So at this stage of the game we're going to do some practice and focus on "boolean logic" (which is where we say a statement is true or false based on the criteria, and we nly really care about the truth or falseness of the statement.
In this exercise we focus on trying to figure out whether or not the statements we enter are true or false. IRB will be our truth telling oracle for this experiment, and we shall see if our instincts are correct to tell if an expresion is true or false.
The Statements:
These statements sart out simple and get more complex as we move along through the examples. Some of the answers are obvious, some take a little more thought.
When statements get to be a bit more complicated, Zed recommends the following approach.
- Find equality test (== or !=) and replace it with its truth.
- Find each and/or inside a parenthesis and solve those first.
- Find each not and invert it.
- Find any remaining and/or and solve it.
- When you are done you should have true or false.
What You Should See
After you have tried to guess at these, this is what your session with IRB might look like:
$ irb
ruby-1.9.2-p180 :001 > true and true
=> true
ruby-1.9.2-p180 :002 > 1 == 1 and 2 == 2
=> true
Extra Credit
There are a lot of operators in Ruby similar to != and ==. Try to find out as many "equality operators" as you can. They should be like: < or <=.
[
<= - less than or equal to
< > - not
>= - greater than or equal to
<=> - looks to be greater than, less than or equal to (an allcharacter match?)
== - equal to
=== - equal to
!= - not equal to
=~ - ???
!~ - ???
]
Write out the names of each of these equality operators. For example, I call != "not equal".

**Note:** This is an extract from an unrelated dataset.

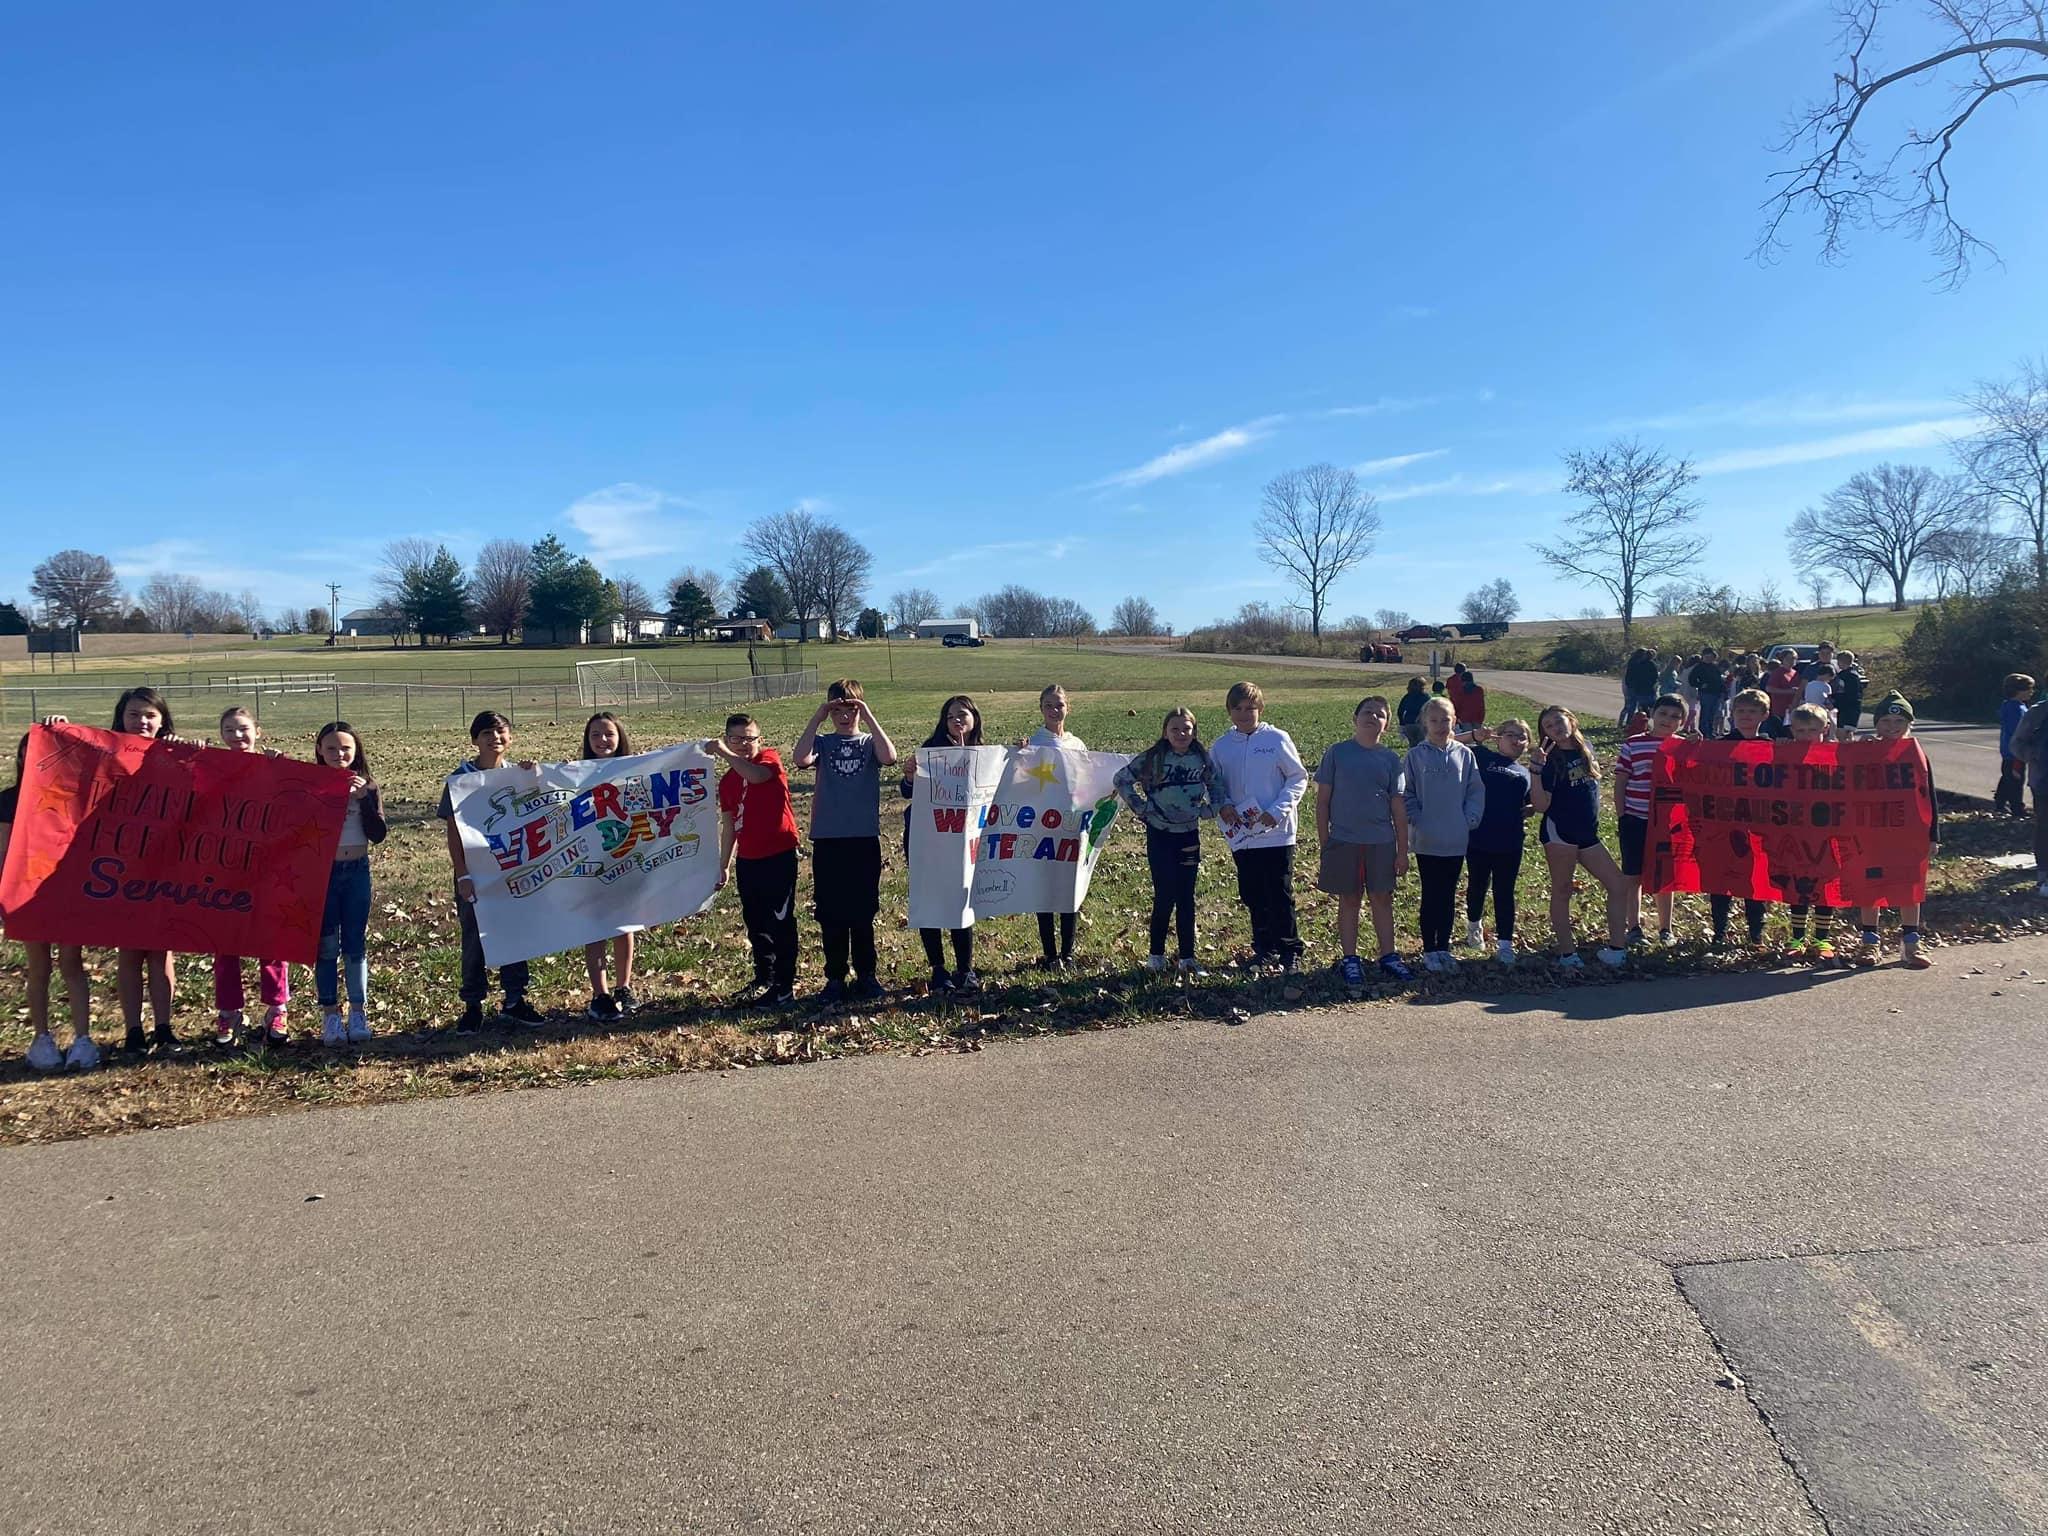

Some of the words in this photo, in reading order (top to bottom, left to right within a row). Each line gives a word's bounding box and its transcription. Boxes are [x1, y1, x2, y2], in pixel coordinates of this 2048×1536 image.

Play with IRB by typing out new boolean operators, and before you hit enter try to shout out what it is. Do not think about it, just the first thing that comes to mind. Write it down then hit enter, and keep track of how many you get right and wrong.
[
1 <= 1 or 2 != 1
true and 1 >= 1
false and 0 != 0
true or 1 <=> 1
"test" == "testing"
1 != 0 and 2 === 1
"test" != "testing"
"test" =~ 1
not (true and false)
not (1 !~ 1 and 0 !~ 1)
]
TESTHEAD's TAKEAWAYS:
So that was interesting! I have to admit that at first I was wondering what the deal was and why so many variations would be needed, but it makes sense, especially if you think about a search parameter or a database query, you want to return a particular value if the statement evaluates to true, and you want to return another one if a statement evaluates to false. A lot of these won't make sense immediately, and that's OK, just keep practicing with them and sure enough, you start to see why they evaluiate to true or false over time.